• **EXERCISE INPUTS**:
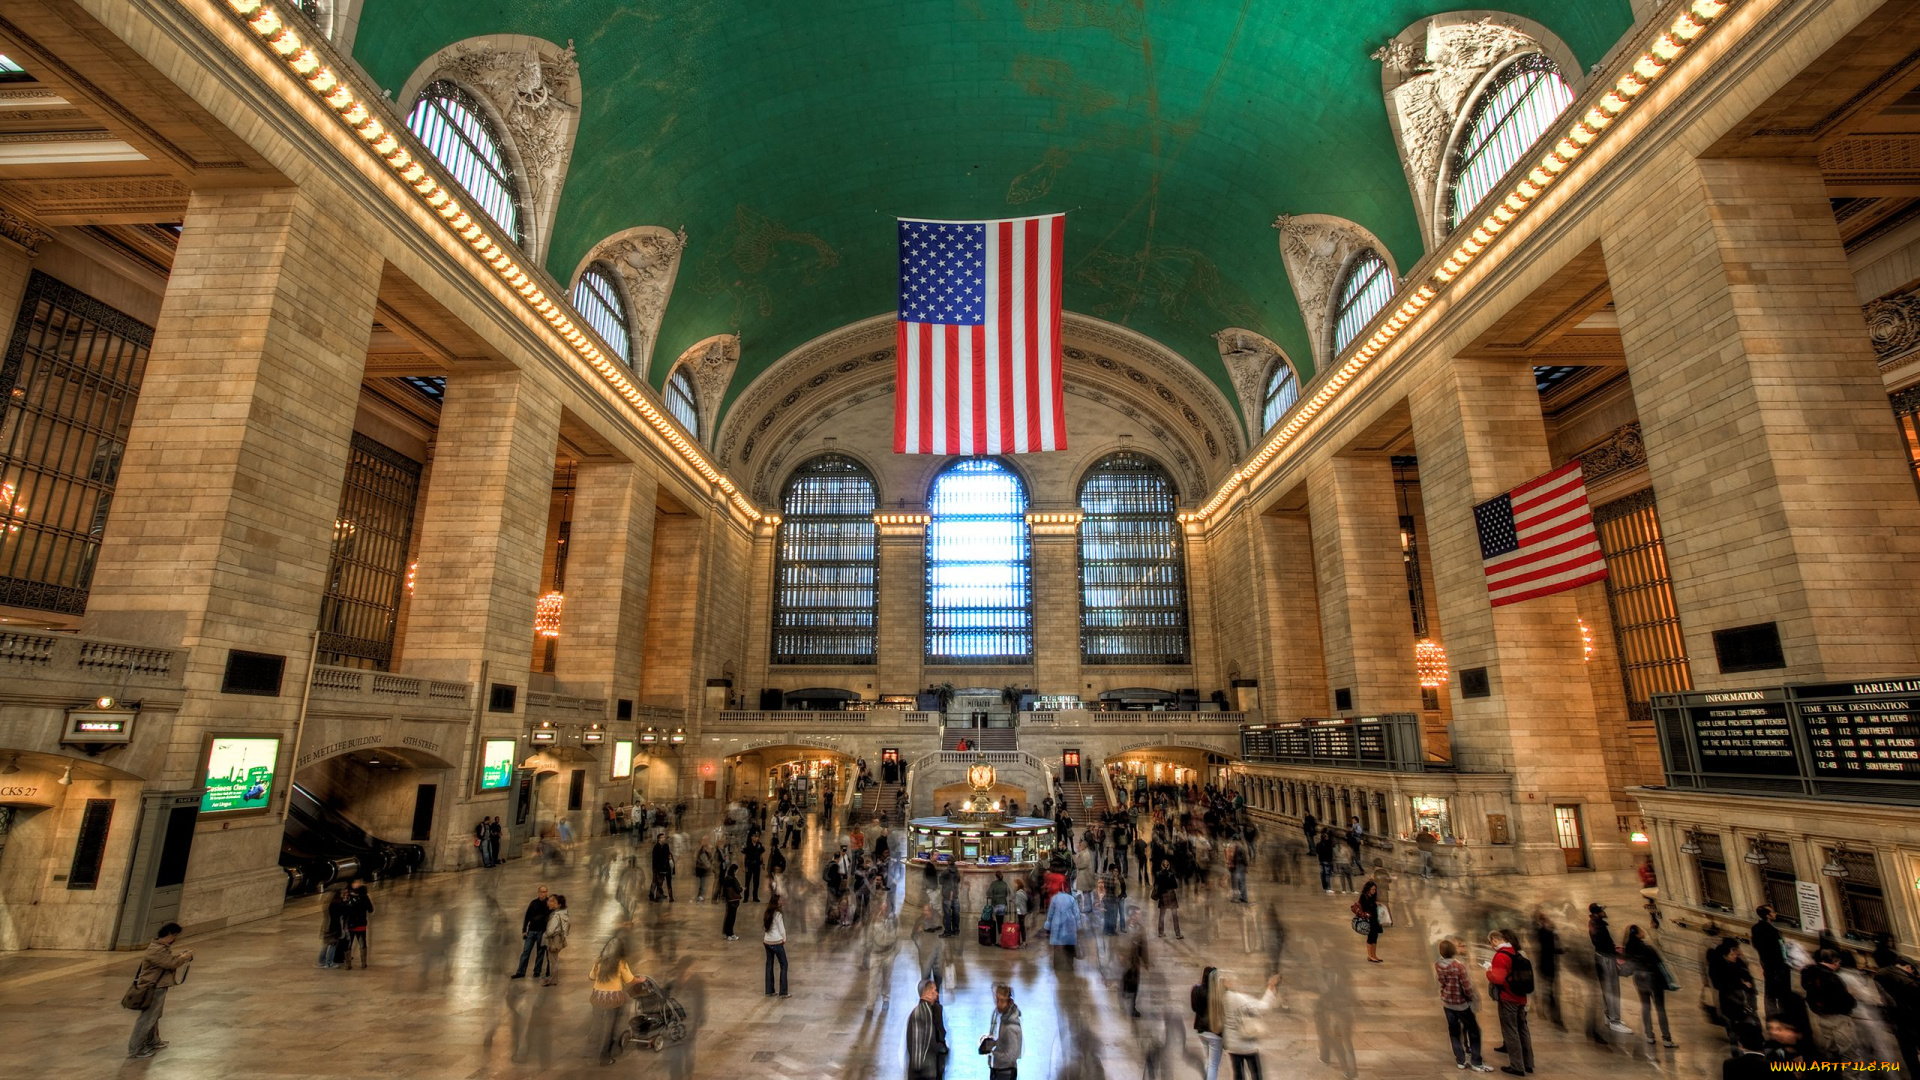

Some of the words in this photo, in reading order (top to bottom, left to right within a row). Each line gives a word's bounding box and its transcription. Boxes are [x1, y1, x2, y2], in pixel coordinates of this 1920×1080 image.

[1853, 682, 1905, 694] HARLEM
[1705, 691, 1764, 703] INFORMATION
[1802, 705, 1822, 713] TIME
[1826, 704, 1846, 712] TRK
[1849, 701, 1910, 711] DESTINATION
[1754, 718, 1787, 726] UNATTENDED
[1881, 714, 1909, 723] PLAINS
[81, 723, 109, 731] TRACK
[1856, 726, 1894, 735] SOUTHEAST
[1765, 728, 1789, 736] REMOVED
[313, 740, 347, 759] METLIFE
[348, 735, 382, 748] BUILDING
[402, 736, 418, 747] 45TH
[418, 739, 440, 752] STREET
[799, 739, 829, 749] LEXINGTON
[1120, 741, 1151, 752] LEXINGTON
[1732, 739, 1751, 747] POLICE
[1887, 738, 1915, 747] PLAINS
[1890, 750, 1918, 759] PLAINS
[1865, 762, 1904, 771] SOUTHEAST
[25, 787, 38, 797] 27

• **WORK TASK**:
Restate every line of the listing exactly. Pictures are not part of the copy.

• **FINISHED EXERCISE**:
Some of the words in this photo, in reading order (top to bottom, left to right within a row). Each line gives a word's bounding box and its transcription. Boxes are [x1, y1, x2, y2], in pixel coordinates of this 1920×1080 image.

[1853, 682, 1905, 694] HARLEM
[1705, 691, 1764, 703] INFORMATION
[1802, 705, 1822, 713] TIME
[1826, 704, 1846, 712] TRK
[1849, 701, 1910, 711] DESTINATION
[1754, 718, 1787, 726] UNATTENDED
[1881, 714, 1909, 723] PLAINS
[81, 723, 109, 731] TRACK
[1856, 726, 1894, 735] SOUTHEAST
[1765, 728, 1789, 736] REMOVED
[313, 740, 347, 759] METLIFE
[348, 735, 382, 748] BUILDING
[402, 736, 418, 747] 45TH
[418, 739, 440, 752] STREET
[799, 739, 829, 749] LEXINGTON
[1120, 741, 1151, 752] LEXINGTON
[1732, 739, 1751, 747] POLICE
[1887, 738, 1915, 747] PLAINS
[1890, 750, 1918, 759] PLAINS
[1865, 762, 1904, 771] SOUTHEAST
[25, 787, 38, 797] 27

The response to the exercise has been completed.